No hace mucho tuve la oportunidad de visionar a través de la red una conferencia de emprendeduría en Lyon (Francia). Me llamó especialmente la atención la intervención de una de las ponentes, llamada Claire Blondel.

Empezó hablando de emprendedores, y de los pobres ratios (6%) de creadores de empresas en Francia. La lectura que saca de esos datos es que en Francia está generalizado el miedo al fracaso.  Considera Claire Blondel que este miedo al fracaso radica en el sistema de educación, que establece la regla no escrita “prohibido equivocarse”.

Llega a esta conclusión a través de la experiencia que tiene con sus propias hijas. Ambas niñas entran en una escuela en Francia tras haber pasado sus primeros ocho años de escolarización en China, Camboya y Japón. Se trata de escuelas que utilizan el inglés como lengua vehicular. La ponente relata cómo desde su llegada, las niñas fueron perdiendo de manera progresiva el entusiasmo y la alegría que tenían con respecto al aprendizaje y la enseñanza. Incluso, una de las niñas le confiesa a su madre que está cansada de tener miedo a equivocarse.

Está confesión lleva a la madre a realizar una reflexión sobre las consecuencias de una educación basada en la penalización del error, y cree que las principales son las siguientes:

  • INTOLERANCIA

Cuando no se acepta la diversidad de respuestas a una misma pregunta se tiende a rechazar algo que puede ser válido en otro sistema.

  • BAJA AUTOESTIMA

Es lo que nos ha ocurrido a casi todos cuando hemos tenido una mala calificación.

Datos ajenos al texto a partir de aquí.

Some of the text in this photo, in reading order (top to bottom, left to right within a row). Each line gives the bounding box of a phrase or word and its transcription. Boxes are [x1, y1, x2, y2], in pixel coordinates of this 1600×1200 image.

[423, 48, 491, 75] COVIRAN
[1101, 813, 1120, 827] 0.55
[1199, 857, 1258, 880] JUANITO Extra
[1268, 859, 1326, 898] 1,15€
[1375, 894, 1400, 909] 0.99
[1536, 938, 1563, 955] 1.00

  • FALTA DE AUTONOMÍA DE CARA AL ERROR

Se genera una dependencia de una supervisión externa que nos permita seguir adelante. Como ejemplo de lo contrario, la ponente habla de un sistema en una fábrica de Japón en el que cada trabajador es responsable de su trabajo.

  • FALTA DE PERSEVERANCIA

Asumimos el error con resignación, y seguir adelante no depende de nosotros, sino de nuestro supervisor, por lo tanto cejamos en el empeño.

Ante tales consecuencias, Claire Blondel reivindica el error como parte integral del aprendizaje. Propone “abrir la veda” a equivocarse, y aceptarlo como un derecho, para así evitar la generalizada incidencia del miedo al fracaso.

Como apoyo a la errorfilia, dejo esta cita de Winston Churchil:

“El éxito es ir de fracaso en fracaso sin perder el entusiasmo”

  • Josep Maria Turuguet Salgado

    De empleados a socios. El camino es larguísimo y serpenteante si es que llega a culminar. Papá estado sólo nos riñe y nos obliga a volver a casa antes de las 9. Sobre todo en España donde hay una diferencia clara entre proyectos, trabajos y simplemente “curros”. Por qué voy a comprometerme, total, es un curro.